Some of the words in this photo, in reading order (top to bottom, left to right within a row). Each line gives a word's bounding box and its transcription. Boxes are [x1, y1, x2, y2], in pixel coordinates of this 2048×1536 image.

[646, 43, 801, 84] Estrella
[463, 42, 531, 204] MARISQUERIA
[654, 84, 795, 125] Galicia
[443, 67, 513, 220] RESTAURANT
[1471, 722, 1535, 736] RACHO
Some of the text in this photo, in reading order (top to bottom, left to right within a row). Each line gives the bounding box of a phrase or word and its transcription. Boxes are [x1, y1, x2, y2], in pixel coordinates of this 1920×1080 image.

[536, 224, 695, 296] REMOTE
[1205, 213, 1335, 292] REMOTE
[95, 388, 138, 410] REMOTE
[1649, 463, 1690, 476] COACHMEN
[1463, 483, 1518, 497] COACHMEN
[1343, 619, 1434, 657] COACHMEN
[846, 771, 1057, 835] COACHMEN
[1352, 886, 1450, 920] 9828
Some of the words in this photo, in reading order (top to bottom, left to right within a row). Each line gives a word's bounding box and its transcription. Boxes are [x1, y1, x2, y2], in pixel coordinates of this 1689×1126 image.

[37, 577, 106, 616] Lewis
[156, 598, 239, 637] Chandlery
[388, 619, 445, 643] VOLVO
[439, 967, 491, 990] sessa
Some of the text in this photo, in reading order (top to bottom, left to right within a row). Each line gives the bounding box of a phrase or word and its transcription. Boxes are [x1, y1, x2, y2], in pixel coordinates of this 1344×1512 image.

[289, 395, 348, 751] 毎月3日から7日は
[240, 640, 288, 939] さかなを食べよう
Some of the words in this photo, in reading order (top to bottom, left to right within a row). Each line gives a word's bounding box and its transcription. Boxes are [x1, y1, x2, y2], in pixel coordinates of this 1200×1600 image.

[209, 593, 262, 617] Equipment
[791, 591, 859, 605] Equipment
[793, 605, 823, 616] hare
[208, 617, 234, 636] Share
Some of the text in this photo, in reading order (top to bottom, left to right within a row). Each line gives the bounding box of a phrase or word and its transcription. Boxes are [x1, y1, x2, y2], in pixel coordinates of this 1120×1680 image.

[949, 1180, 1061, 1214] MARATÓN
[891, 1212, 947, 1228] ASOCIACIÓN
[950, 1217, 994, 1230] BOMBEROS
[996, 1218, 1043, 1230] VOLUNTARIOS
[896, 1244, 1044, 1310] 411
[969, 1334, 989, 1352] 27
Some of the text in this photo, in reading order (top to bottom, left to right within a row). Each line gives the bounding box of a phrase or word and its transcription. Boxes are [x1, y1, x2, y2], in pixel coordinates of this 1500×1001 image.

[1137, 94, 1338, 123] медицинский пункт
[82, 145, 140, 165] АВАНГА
****************************************
Output the complete set of records word for word.

Some of the words in this photo, in reading order (top to bottom, left to right within a row). Each line gives a word's bounding box and its transcription. Boxes are [x1, y1, x2, y2], in pixel coordinates of this 2048×1536 image.

[646, 43, 801, 84] Estrella
[463, 42, 531, 204] MARISQUERIA
[654, 84, 795, 125] Galicia
[443, 67, 513, 220] RESTAURANT
[1471, 722, 1535, 736] RACHO
Some of the text in this photo, in reading order (top to bottom, left to right within a row). Each line gives the bounding box of a phrase or word and its transcription. Boxes are [x1, y1, x2, y2], in pixel coordinates of this 1920×1080 image.

[536, 224, 695, 296] REMOTE
[1205, 213, 1335, 292] REMOTE
[95, 388, 138, 410] REMOTE
[1649, 463, 1690, 476] COACHMEN
[1463, 483, 1518, 497] COACHMEN
[1343, 619, 1434, 657] COACHMEN
[846, 771, 1057, 835] COACHMEN
[1352, 886, 1450, 920] 9828
Some of the words in this photo, in reading order (top to bottom, left to right within a row). Each line gives a word's bounding box and its transcription. Boxes are [x1, y1, x2, y2], in pixel coordinates of this 1689×1126 image.

[37, 577, 106, 616] Lewis
[156, 598, 239, 637] Chandlery
[388, 619, 445, 643] VOLVO
[439, 967, 491, 990] sessa
Some of the text in this photo, in reading order (top to bottom, left to right within a row). Each line gives the bounding box of a phrase or word and its transcription. Boxes are [x1, y1, x2, y2], in pixel coordinates of this 1344×1512 image.

[289, 395, 348, 751] 毎月3日から7日は
[240, 640, 288, 939] さかなを食べよう
Some of the words in this photo, in reading order (top to bottom, left to right within a row). Each line gives a word's bounding box and its transcription. Boxes are [x1, y1, x2, y2], in pixel coordinates of this 1200×1600 image.

[209, 593, 262, 617] Equipment
[791, 591, 859, 605] Equipment
[793, 605, 823, 616] hare
[208, 617, 234, 636] Share
Some of the text in this photo, in reading order (top to bottom, left to right within a row). Each line gives the bounding box of a phrase or word and its transcription. Boxes are [x1, y1, x2, y2], in pixel coordinates of this 1120×1680 image.

[949, 1180, 1061, 1214] MARATÓN
[891, 1212, 947, 1228] ASOCIACIÓN
[950, 1217, 994, 1230] BOMBEROS
[996, 1218, 1043, 1230] VOLUNTARIOS
[896, 1244, 1044, 1310] 411
[969, 1334, 989, 1352] 27
Some of the text in this photo, in reading order (top to bottom, left to right within a row). Each line gives the bounding box of a phrase or word and its transcription. Boxes are [x1, y1, x2, y2], in pixel coordinates of this 1500×1001 image.

[1137, 94, 1338, 123] медицинский пункт
[82, 145, 140, 165] АВАНГА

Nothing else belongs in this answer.